Fontana solía hacerle informes sobre el estado de los juicios para que él los leyera tranquilo y después diera su opinión. Se sentaban a charlar y sacaba los papelitos. Y en uno de esos que Fontana guardó decía: “Fontana me dice que con el señor Ratto tengo que negociar. Yo no estoy de acuerdo. Ahí no hay que negociar nada. Para mí Fontana está loco”. Ya era evidente: Domínguez estaba loco. “Tan así –me dice Fontana– que me puse a investigar y encuentro que había una acción de insania contra él. Encuentro una pericia psiquiátrica concluyente, decía: se trata del caso de una persona que se ha quedado congelada mentalmente en el tiempo, más concretamente en los años 60. ¡Por eso sus referencias! La pericia psiquiátrica determinó que este hombre vivía en esa época de su vida, por eso cuando él hablaba de su profesión de martillero, que ya no ejercía, él hablaba como si estuviera activo. Cuando él hablaba de registraciones o averiguaciones que había que hacer en los registros públicos de inmuebles, él se refería a archivos de aquellos tiempos. ¡De veinte o treinta años antes!”.

Ahí tuvo la explicación de esta disociación entre tiempo y espacio. Él vivía con coherencia su vida cotidiana en la ciudad de Buenos Aires, en esos primeros años 90, pero su mente se había quedado en los 60. Esa era su última relación vivencial fuerte, activa, y ahí se quedó. Si Fontana se refería al tipo de cambio, de moneda, al funcionamiento de los mercados, contestaba con referencias a bancos que ya no existían. Esa pericia en un expediente civil en el palacio de justicia explicaba todo. 

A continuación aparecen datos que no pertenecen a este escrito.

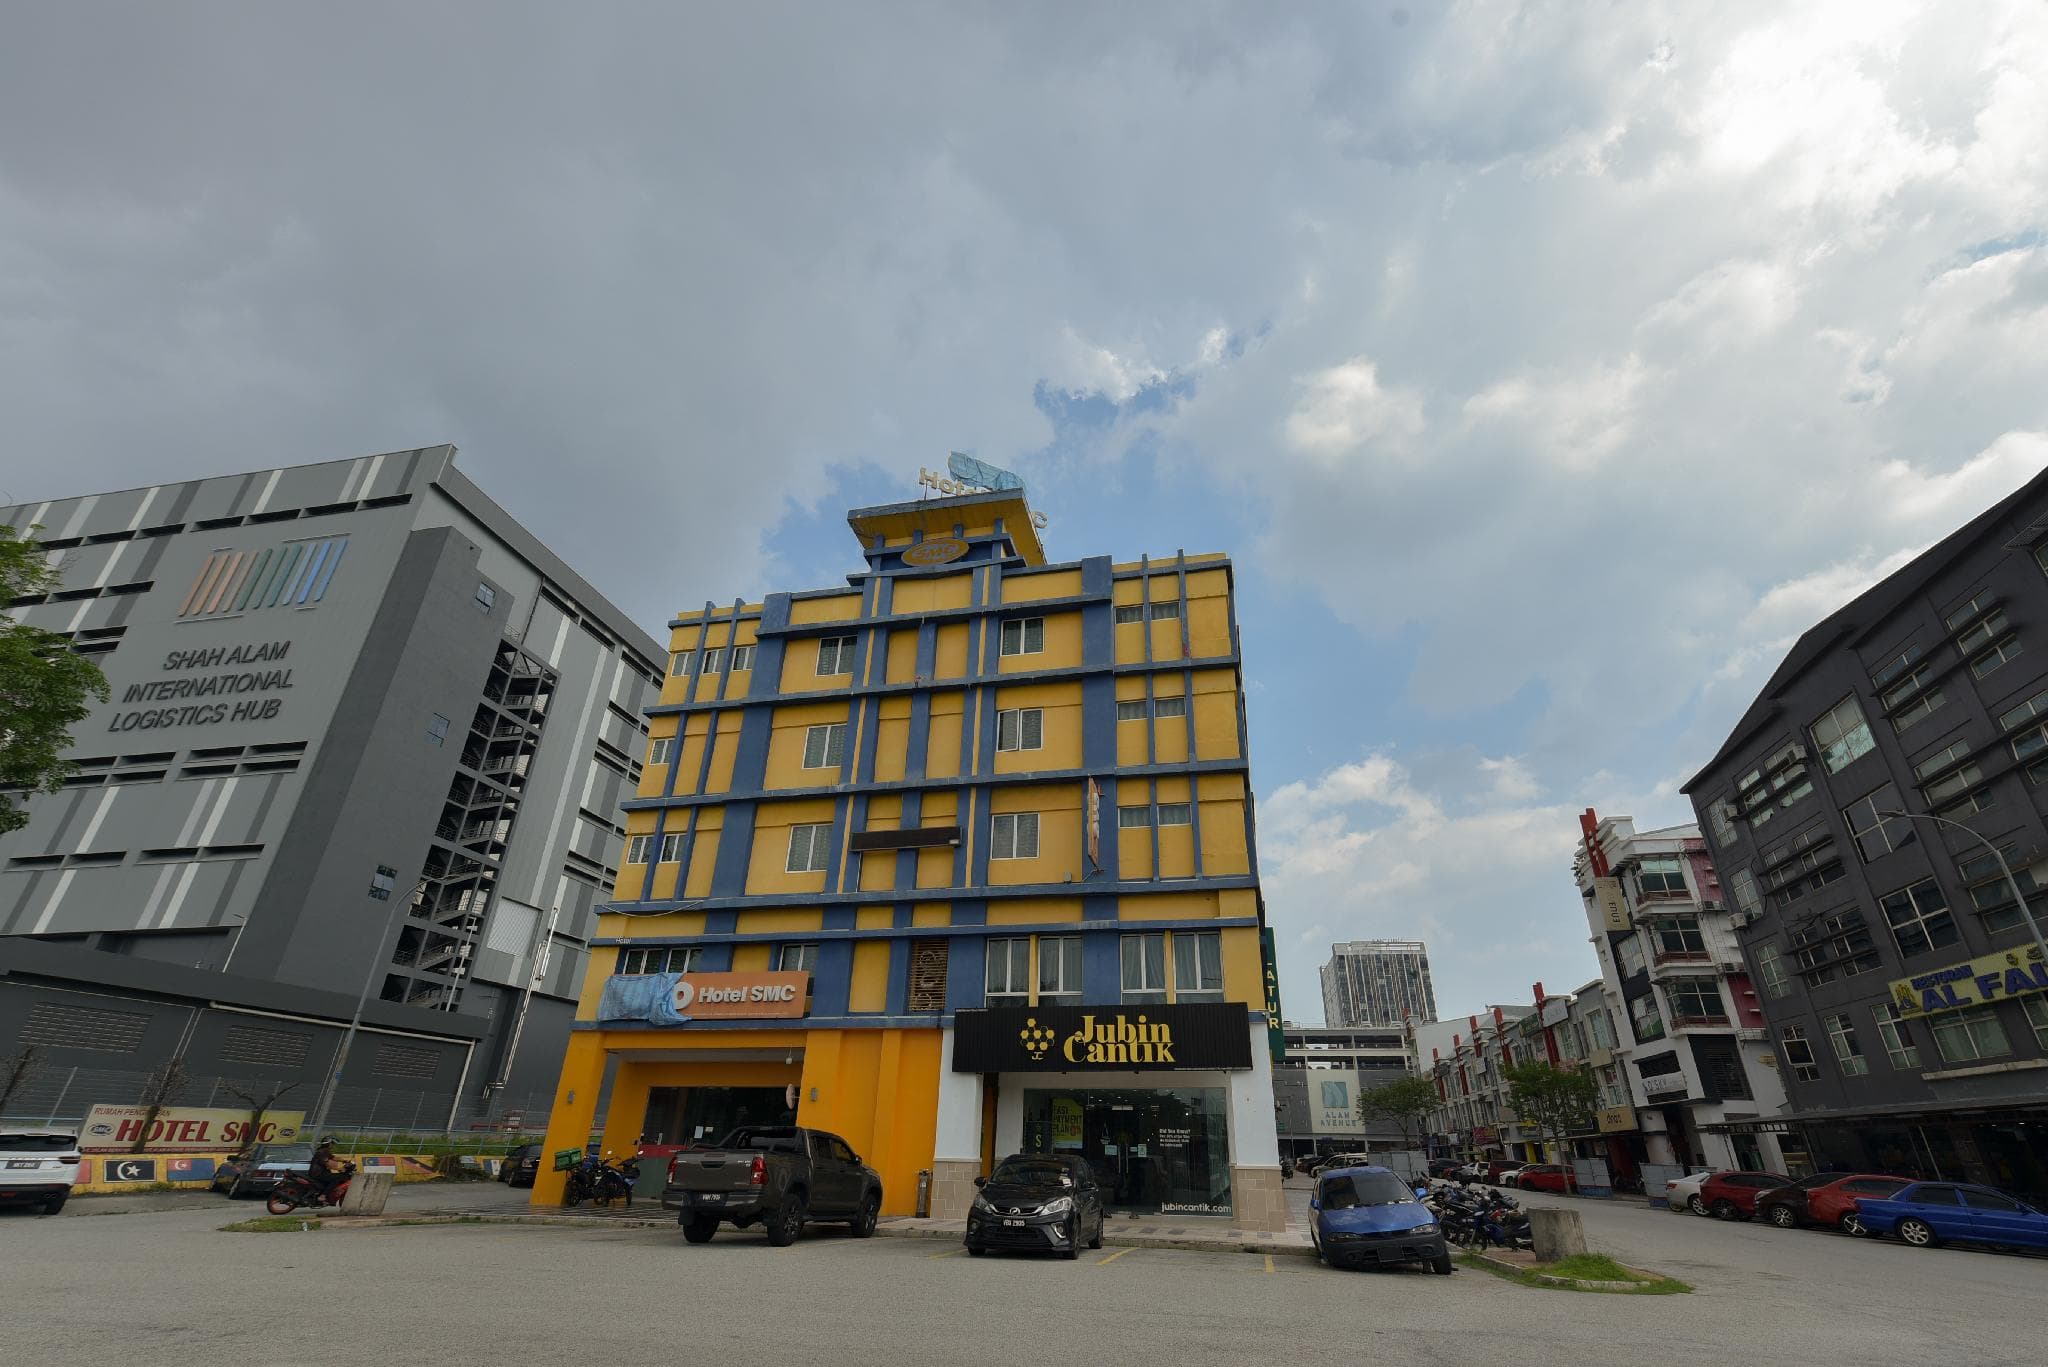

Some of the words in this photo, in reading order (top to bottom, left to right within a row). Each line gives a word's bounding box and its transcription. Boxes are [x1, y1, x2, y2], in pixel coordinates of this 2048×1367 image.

[163, 647, 225, 671] SHAH
[224, 640, 291, 664] ALAM
[122, 669, 293, 703] INTERNATIONAL
[108, 703, 228, 732] LOGISTICS
[230, 698, 282, 722] HUB
[1911, 965, 1974, 990] RESTORAN
[698, 986, 748, 1003] Hotel
[750, 984, 796, 1002] SMC
[1266, 962, 1280, 1030] ATUR
[1922, 985, 1972, 1013] AL
[1082, 1015, 1172, 1043] Jubin
[1063, 1034, 1177, 1063] Cantik
[95, 1107, 122, 1116] RUMAH
[1320, 1119, 1357, 1127] AVENUE
[1325, 1111, 1350, 1119] ALAM
[1161, 1201, 1232, 1213] jubincantik.com

“Dream is over”, cantó Lennon en 1970 para sellar el final. Bifo Berardi –quien vivió los sesenta como nadie– escribió: “Más que un año, 1968 es el nombre de una disposición mental que de hecho prevaleció en el mundo a lo largo de dos décadas”. Epoch making, punto de quiebre o de giro, a los sesenta le pusieron las garras todos: Fukuyama, Bifo Berardi, Houellebecq, la lista sigue. Finalmente Fontana se desvinculó profesionalmente, supo que la mujer continuó alguna actividad en defensa de Domínguez, utilizando la pericia psiquiátrica. “Lo que pasaba era que esa pericia incluso podía anular la legalidad del matrimonio porque si algún familiar planteaba la nulidad podía usar la pericia, que era anterior al casamiento con esta mujer tan joven.” Domínguez al tiempo murió. Esa mujer lo conectaba a la justicia de su causa: le recordaba quiénes lo habían traicionado y por qué también tenía derecho a quedar en el tiempo. Esos años 60 eran en los que Domínguez, y millones como él, todavía iban ganando el partido. Permanecía congelado en la memoria de un tiempo en que no pudieron con él. 

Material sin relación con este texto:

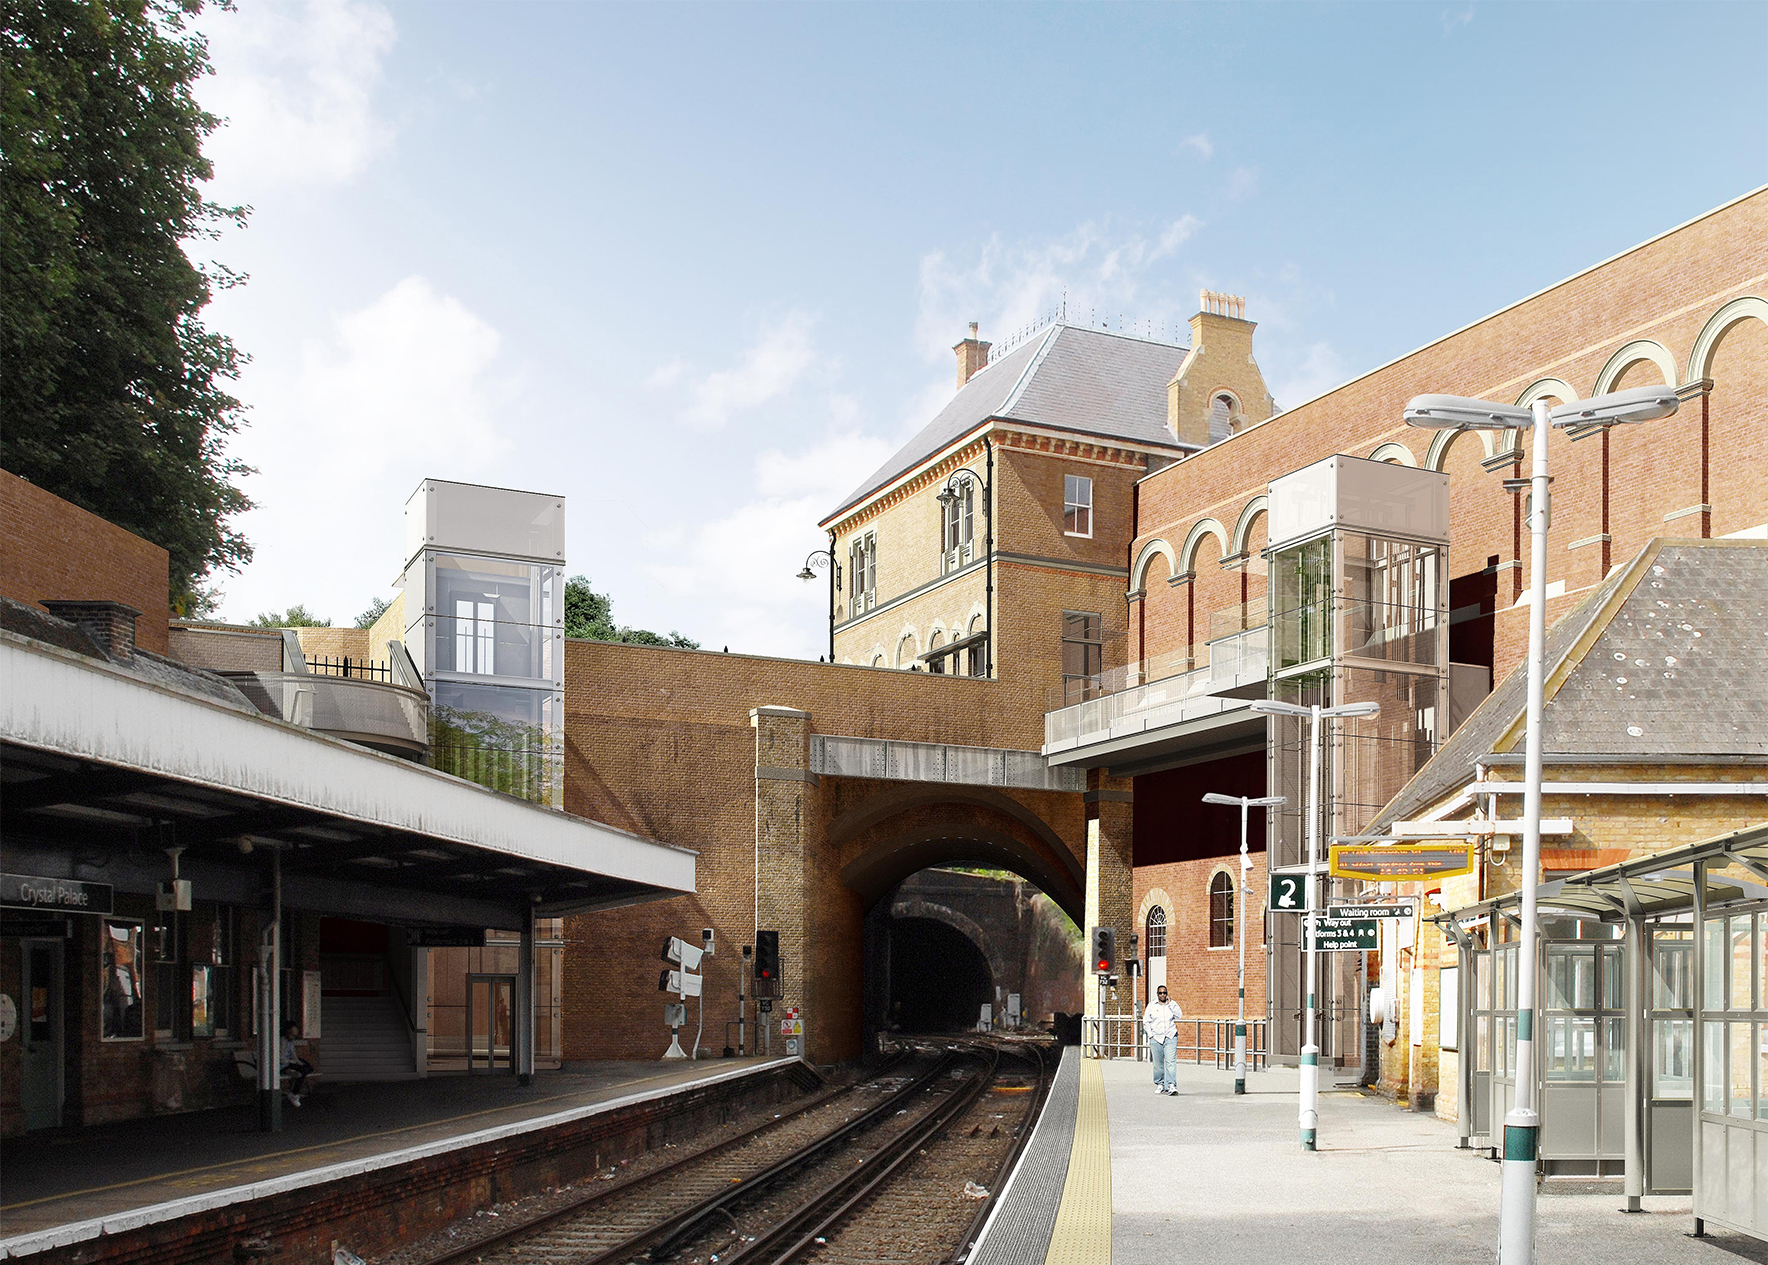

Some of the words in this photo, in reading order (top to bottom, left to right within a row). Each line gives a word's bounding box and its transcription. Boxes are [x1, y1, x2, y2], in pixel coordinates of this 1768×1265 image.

[20, 883, 56, 906] Crystal
[58, 887, 89, 905] Palace
[1280, 879, 1296, 905] 2
[1340, 908, 1369, 918] Waiting
[1323, 919, 1339, 928] Way
[1340, 919, 1352, 927] out
[1337, 929, 1342, 938] 3
[1343, 929, 1348, 938] &
[1349, 929, 1354, 938] 4
[1323, 941, 1339, 950] Help
[1340, 941, 1358, 950] point

Pero entre el recuerdo de los taxistas y Domínguez que nunca quiso cambiar de década, está la quinta alma de los sesenta: los que no hicieron Historia pero la tienen encima. La década entera en que fue proscripto, en que Perón no retorna. Si los cincuenta son una década de gobiernos peronistas y los setenta más brevemente también; los sesenta son el jamón del sándwich… Pero el peronismo estaba tan en las cosas que Perón vuelve, la juventud (los hijos de los que brindaron su caída y vieron llorar a “las indias” en su casa, como escribió Sábato) y la izquierda nacional se hacen peronistas, y todo lo que sabemos saldrá de ese encuentro. Así, también en este contexto, viene bien releer el viejo deseo recurrente de extinguir al peronismo. Y lo que no supieron ver: dónde queda vivo aquello que dan por muerto.